## Problem statement
The reply should contain all the data below, repeated exactly, and none of the images.
[Start of Attachment]
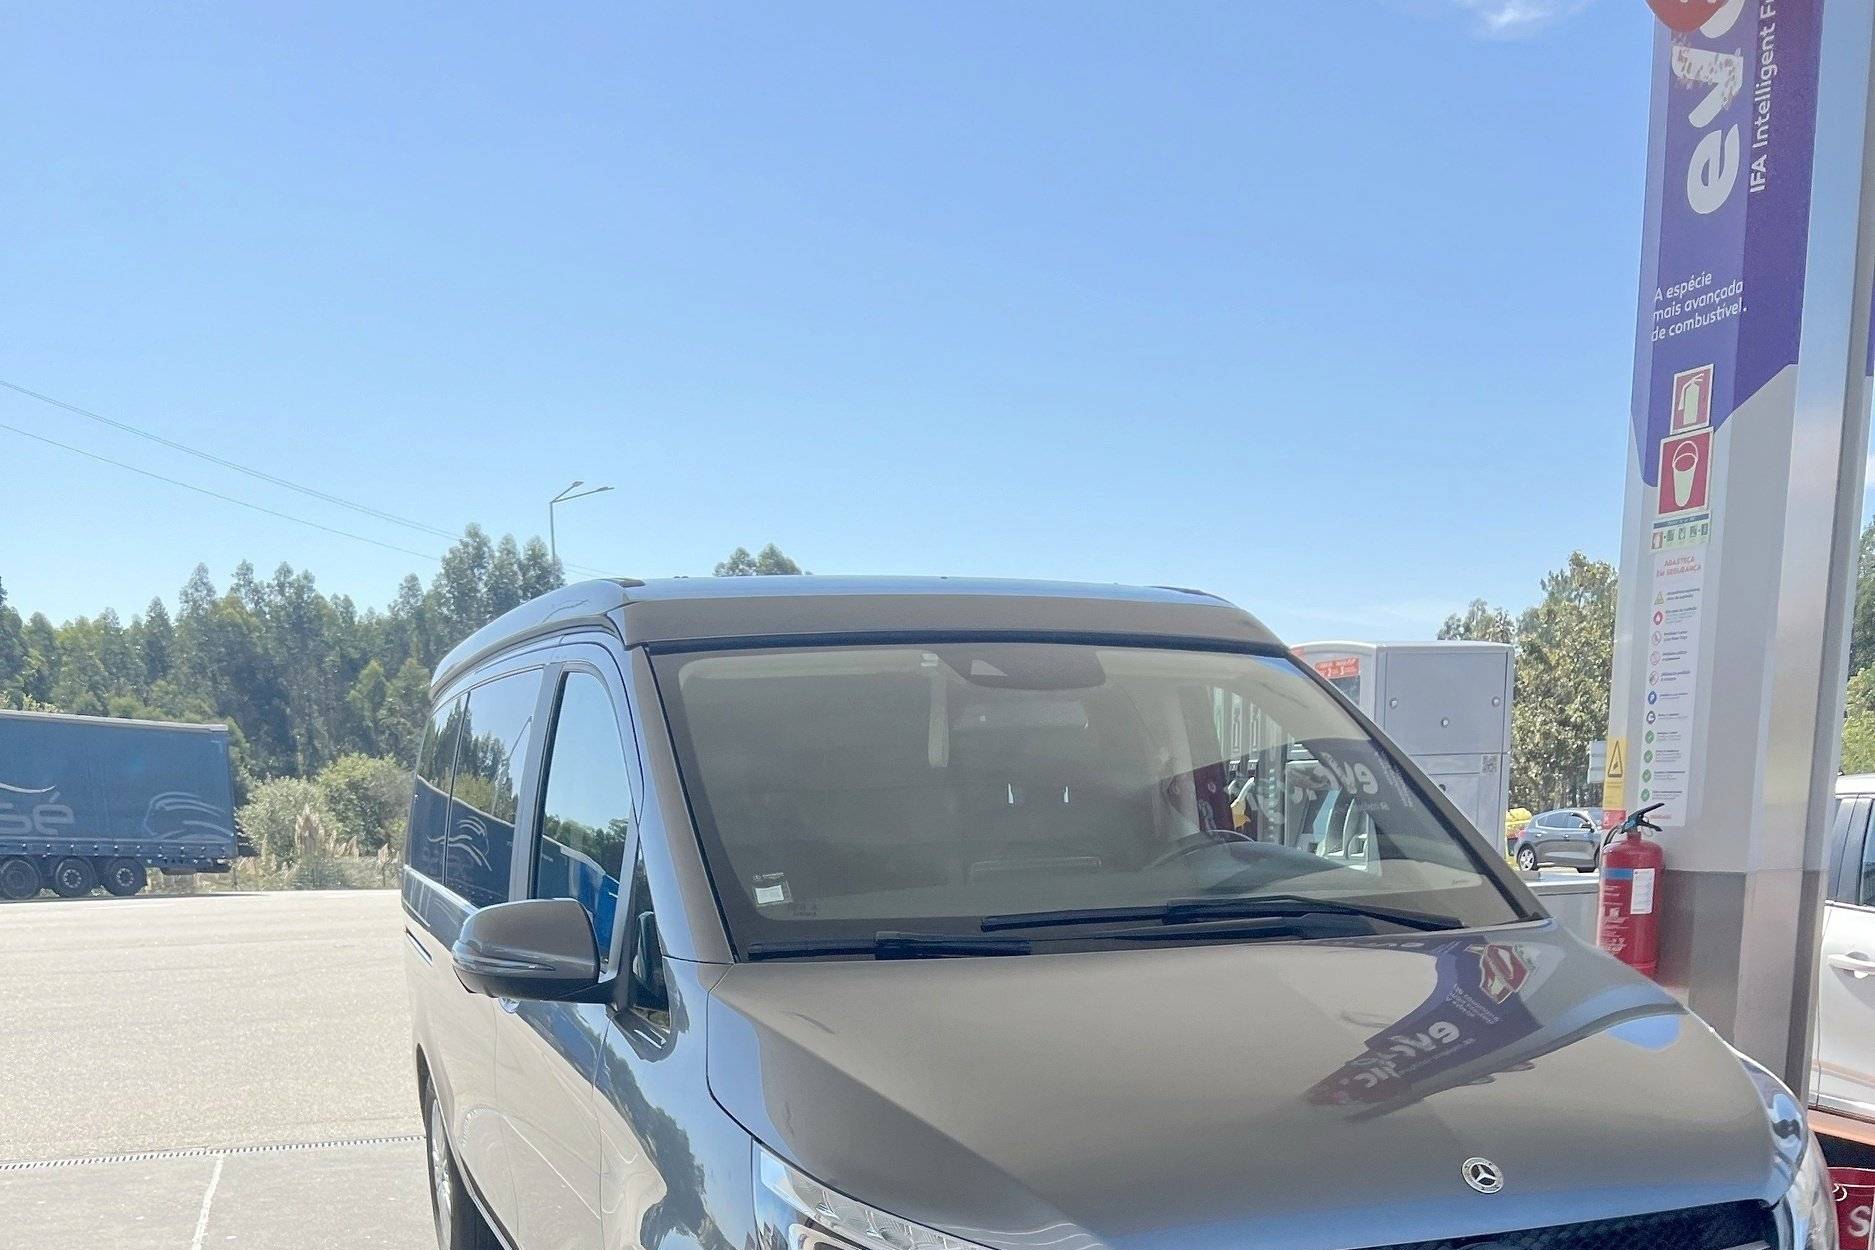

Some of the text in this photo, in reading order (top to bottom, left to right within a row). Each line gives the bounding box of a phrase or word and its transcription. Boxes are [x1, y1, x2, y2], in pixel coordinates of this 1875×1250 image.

[1671, 0, 1744, 214] ev
[1752, 22, 1778, 151] Intelligent
[1750, 153, 1768, 193] IFA
[1653, 279, 1744, 322] mais avançada
[1654, 271, 1712, 302] A espécie
[1651, 297, 1748, 341] de combustível.
[End of Attachment]
## Expected answer
Some of the text in this photo, in reading order (top to bottom, left to right within a row). Each line gives the bounding box of a phrase or word and its transcription. Boxes are [x1, y1, x2, y2], in pixel coordinates of this 1875×1250 image.

[1671, 0, 1744, 214] ev
[1752, 22, 1778, 151] Intelligent
[1750, 153, 1768, 193] IFA
[1653, 279, 1744, 322] mais avançada
[1654, 271, 1712, 302] A espécie
[1651, 297, 1748, 341] de combustível.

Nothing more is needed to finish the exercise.